■ WHAT IS EXPECTED
Repeat the data in full. No line may differ from the original.

■ DATASET RECORDS
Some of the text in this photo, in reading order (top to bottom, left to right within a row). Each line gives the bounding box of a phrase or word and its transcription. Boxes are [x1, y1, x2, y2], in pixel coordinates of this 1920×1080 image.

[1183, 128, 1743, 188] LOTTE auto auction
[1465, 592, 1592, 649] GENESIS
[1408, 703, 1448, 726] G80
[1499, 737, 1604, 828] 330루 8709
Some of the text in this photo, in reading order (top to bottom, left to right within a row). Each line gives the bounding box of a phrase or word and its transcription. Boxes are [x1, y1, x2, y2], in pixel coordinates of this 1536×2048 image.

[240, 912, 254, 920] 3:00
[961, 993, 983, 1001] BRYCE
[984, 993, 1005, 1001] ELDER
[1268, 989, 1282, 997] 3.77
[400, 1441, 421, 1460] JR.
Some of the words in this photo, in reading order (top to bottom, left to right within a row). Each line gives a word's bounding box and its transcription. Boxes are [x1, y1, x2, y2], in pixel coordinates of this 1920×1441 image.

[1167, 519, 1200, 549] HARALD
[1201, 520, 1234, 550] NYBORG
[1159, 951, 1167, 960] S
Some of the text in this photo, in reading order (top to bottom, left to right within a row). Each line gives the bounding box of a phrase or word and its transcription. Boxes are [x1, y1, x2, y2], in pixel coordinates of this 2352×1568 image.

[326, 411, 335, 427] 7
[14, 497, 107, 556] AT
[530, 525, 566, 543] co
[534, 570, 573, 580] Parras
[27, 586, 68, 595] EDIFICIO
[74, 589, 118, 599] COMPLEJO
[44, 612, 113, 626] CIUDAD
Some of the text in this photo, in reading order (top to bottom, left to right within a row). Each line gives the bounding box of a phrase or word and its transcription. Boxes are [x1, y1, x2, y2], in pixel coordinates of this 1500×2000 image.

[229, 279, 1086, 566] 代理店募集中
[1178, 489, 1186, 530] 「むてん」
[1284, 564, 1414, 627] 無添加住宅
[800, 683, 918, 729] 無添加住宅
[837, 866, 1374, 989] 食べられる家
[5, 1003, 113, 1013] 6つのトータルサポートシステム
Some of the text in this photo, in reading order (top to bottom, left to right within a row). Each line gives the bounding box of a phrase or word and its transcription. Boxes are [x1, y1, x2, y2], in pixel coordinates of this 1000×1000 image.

■ RESPONSE
Some of the text in this photo, in reading order (top to bottom, left to right within a row). Each line gives the bounding box of a phrase or word and its transcription. Boxes are [x1, y1, x2, y2], in pixel coordinates of this 1920×1080 image.

[1183, 128, 1743, 188] LOTTE auto auction
[1465, 592, 1592, 649] GENESIS
[1408, 703, 1448, 726] G80
[1499, 737, 1604, 828] 330루 8709
Some of the text in this photo, in reading order (top to bottom, left to right within a row). Each line gives the bounding box of a phrase or word and its transcription. Boxes are [x1, y1, x2, y2], in pixel coordinates of this 1536×2048 image.

[240, 912, 254, 920] 3:00
[961, 993, 983, 1001] BRYCE
[984, 993, 1005, 1001] ELDER
[1268, 989, 1282, 997] 3.77
[400, 1441, 421, 1460] JR.
Some of the words in this photo, in reading order (top to bottom, left to right within a row). Each line gives a word's bounding box and its transcription. Boxes are [x1, y1, x2, y2], in pixel coordinates of this 1920×1441 image.

[1167, 519, 1200, 549] HARALD
[1201, 520, 1234, 550] NYBORG
[1159, 951, 1167, 960] S
Some of the text in this photo, in reading order (top to bottom, left to right within a row). Each line gives the bounding box of a phrase or word and its transcription. Boxes are [x1, y1, x2, y2], in pixel coordinates of this 2352×1568 image.

[326, 411, 335, 427] 7
[14, 497, 107, 556] AT
[530, 525, 566, 543] co
[534, 570, 573, 580] Parras
[27, 586, 68, 595] EDIFICIO
[74, 589, 118, 599] COMPLEJO
[44, 612, 113, 626] CIUDAD
Some of the text in this photo, in reading order (top to bottom, left to right within a row). Each line gives the bounding box of a phrase or word and its transcription. Boxes are [x1, y1, x2, y2], in pixel coordinates of this 1500×2000 image.

[229, 279, 1086, 566] 代理店募集中
[1178, 489, 1186, 530] 「むてん」
[1284, 564, 1414, 627] 無添加住宅
[800, 683, 918, 729] 無添加住宅
[837, 866, 1374, 989] 食べられる家
[5, 1003, 113, 1013] 6つのトータルサポートシステム
Some of the text in this photo, in reading order (top to bottom, left to right within a row). Each line gives the bounding box of a phrase or word and its transcription. Boxes are [x1, y1, x2, y2], in pixel coordinates of this 1000×1000 image.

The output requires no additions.